Everyone wants to make more money, but many people find it challenging to bring up the subject of pay raises in front of their managers. Only a few people are sure how to proceed. Employers may be turned off if you come across as arrogant while presenting your wage demands. On the other hand, in a salary negotiation, you may not obtain what you want or deserve if you are too accommodating and eager to compromise. As a result, it's critical to plan how you'll approach asking for a raise ahead of time.


When can salary negotiations occur?


In theory, a pay negotiation can happen in two ways: before getting recruited as an applicant or during a performance review. The topic of money will be mentioned during the application process, depending on the extent of the procedure. Of course, there are some occupations where a real compensation negotiation is impossible - management has set an hourly wage, and applicants can accept or decline the post.
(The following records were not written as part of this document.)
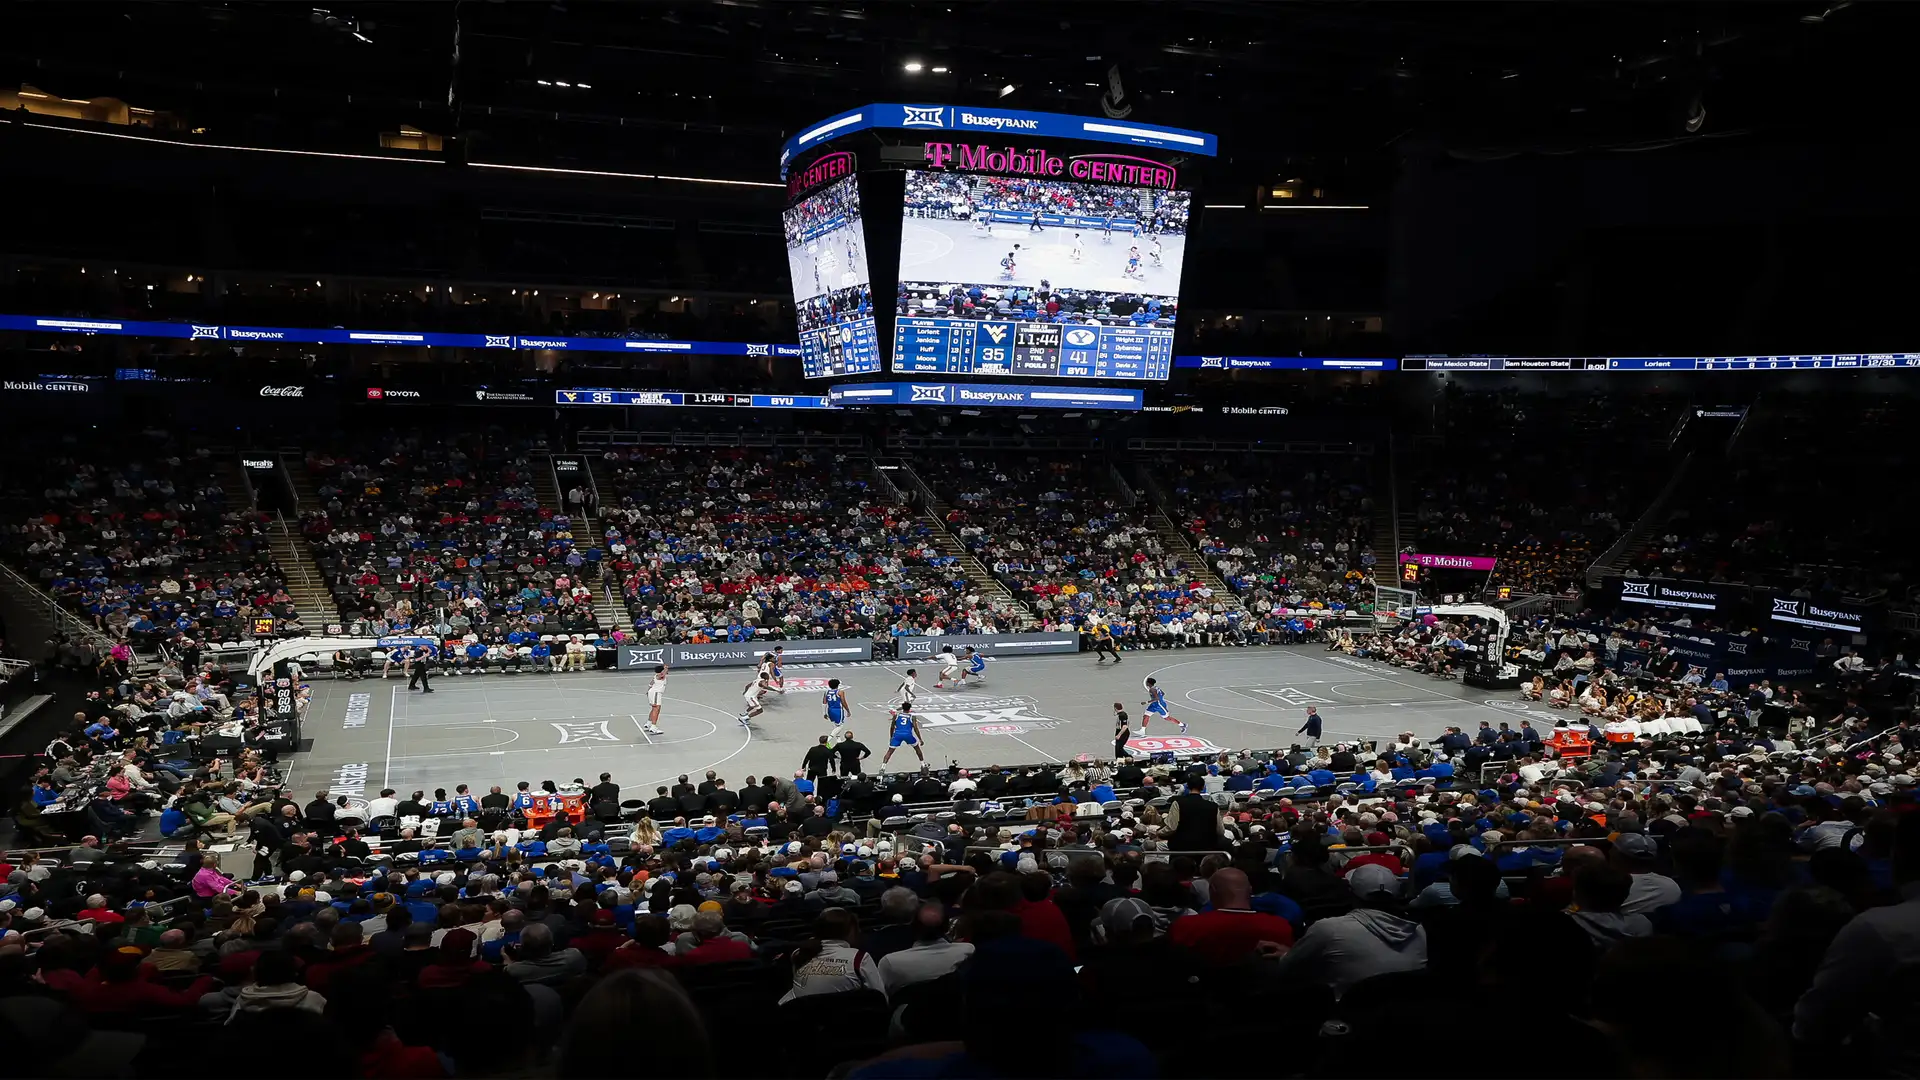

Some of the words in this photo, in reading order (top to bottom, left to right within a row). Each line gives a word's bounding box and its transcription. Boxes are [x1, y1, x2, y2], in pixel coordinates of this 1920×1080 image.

[956, 143, 1064, 176] Mobile
[1072, 159, 1171, 187] CENTER
[803, 157, 847, 189] CENTER
[1017, 334, 1059, 346] 11:44
[983, 347, 1005, 361] 35
[1070, 351, 1088, 364] 41
[1067, 367, 1088, 375] BYU
[3, 380, 44, 391] Mobile
[45, 383, 87, 392] CENTER
[384, 389, 421, 397] TOYOTA
[592, 392, 612, 403] 35
[695, 394, 725, 403] 11:44
[771, 397, 794, 405] BYU
[1231, 406, 1257, 414] Mobile
[1434, 556, 1473, 567] Mobile
[1404, 570, 1417, 580] 24
[255, 625, 269, 633] 24
[680, 651, 748, 663] BuseyBANK
[277, 689, 290, 698] GO
[827, 694, 837, 702] 34
[278, 697, 290, 706] GO
[278, 705, 290, 713] GO
[900, 717, 907, 726] 3
[329, 761, 369, 797] Allstate
[460, 799, 469, 810] 5
[522, 796, 530, 806] 6
Because the topic of remunerations has already been contractually decided, negotiating is unnecessary under a collective pay or salary agreement.


Contracts in the United Kingdom are relatively flexible, with only statutory or collectively agreed-upon minimum wages limiting their flexibility. The two contractual partners (employee and employer) agree upon the initial salary. During the first instant of contact, a first approximation to the negotiation may occur. Companies request that applicants mention their expected wage range in many job advertisements. This saves time for both sides because an interview isn't worth holding if it's clear ahead of time that an applicant wants considerably more money than the employer is willing to pay. It's a good beginning point for a salary negotiation if the projected wage and the amount the company is willing to pay are similar.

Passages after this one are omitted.